Now we are told that Sizewell C cost of construction cost has risen from £20 billion to £38 billion, money no object obviously (don’t mention the delays and cost overuns of the yet to be completed Hinckley C station)
Nuclear power/nuclear weapons are the British establishment’s touchstone for ‘Great Power’ status. Carlo Ravelli still thinks nuclear weapons are the main danger to our existence in the short term – although in the medium/longer term it is climate change.
I agree that nuclear technologies carry serious risks and history shows why they must be handled with respect. But it’s also important to acknowledge the other half of the story. Nuclear science has given humanity extraordinary gains — from cancer treatment and medical imaging to industrial testing, food safety, and deep‑space exploration. And we are now closer to practical fusion than ever before, not in a science‑fiction sense but in a real engineering sense.
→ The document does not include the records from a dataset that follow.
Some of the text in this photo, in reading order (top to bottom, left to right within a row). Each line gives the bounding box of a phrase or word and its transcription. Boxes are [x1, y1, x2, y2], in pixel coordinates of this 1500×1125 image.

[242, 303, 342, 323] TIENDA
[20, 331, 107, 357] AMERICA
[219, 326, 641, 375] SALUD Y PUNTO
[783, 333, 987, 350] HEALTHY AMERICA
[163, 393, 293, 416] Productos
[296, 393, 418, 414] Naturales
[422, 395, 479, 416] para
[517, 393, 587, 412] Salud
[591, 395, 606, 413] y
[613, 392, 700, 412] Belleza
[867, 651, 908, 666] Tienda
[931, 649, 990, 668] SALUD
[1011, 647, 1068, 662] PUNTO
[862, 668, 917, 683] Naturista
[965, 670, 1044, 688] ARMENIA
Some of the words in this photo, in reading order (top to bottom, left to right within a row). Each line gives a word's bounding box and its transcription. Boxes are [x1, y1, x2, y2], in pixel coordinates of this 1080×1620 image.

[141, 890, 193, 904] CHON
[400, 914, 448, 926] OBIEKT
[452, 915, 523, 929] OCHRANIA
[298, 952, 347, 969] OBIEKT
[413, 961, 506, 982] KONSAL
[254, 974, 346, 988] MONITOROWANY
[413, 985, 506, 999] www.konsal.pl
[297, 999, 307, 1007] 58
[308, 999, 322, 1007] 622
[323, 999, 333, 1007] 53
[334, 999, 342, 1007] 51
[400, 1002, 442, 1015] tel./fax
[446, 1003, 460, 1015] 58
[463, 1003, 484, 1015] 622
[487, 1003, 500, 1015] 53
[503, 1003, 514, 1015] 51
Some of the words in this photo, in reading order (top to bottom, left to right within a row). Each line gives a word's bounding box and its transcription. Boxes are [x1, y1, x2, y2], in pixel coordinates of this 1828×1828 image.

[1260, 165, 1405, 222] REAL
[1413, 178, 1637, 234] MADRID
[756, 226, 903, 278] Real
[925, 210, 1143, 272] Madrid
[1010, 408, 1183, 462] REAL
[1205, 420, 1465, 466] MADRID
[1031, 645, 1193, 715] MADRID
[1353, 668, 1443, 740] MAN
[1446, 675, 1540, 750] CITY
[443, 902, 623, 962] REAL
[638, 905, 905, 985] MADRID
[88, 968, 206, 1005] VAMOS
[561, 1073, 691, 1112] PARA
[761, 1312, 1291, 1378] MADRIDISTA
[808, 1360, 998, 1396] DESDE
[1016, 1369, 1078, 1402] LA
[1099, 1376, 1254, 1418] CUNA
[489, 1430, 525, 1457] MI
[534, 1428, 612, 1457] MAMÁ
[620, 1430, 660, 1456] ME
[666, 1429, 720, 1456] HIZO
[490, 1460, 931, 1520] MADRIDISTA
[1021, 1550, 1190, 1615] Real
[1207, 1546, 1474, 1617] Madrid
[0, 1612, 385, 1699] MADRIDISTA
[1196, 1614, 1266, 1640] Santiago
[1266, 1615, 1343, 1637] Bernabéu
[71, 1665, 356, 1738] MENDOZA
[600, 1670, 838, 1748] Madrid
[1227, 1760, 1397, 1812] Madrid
If we crack it, we’re talking about virtually limitless clean energy with no meltdown risk and no long‑lived waste.
There’s also the uncomfortable truth that nuclear weapons, for all their horror, created a deterrent equilibrium that prevented major‑power conflict for decades. Not something to celebrate, but something to recognise.
So yes, the dangers are real. But nuclear science is not a simple story of fear. It’s a story of risk, responsibility, progress, and — paradoxically — stability. The challenge isn’t to reject powerful tools, but to steward them wisely.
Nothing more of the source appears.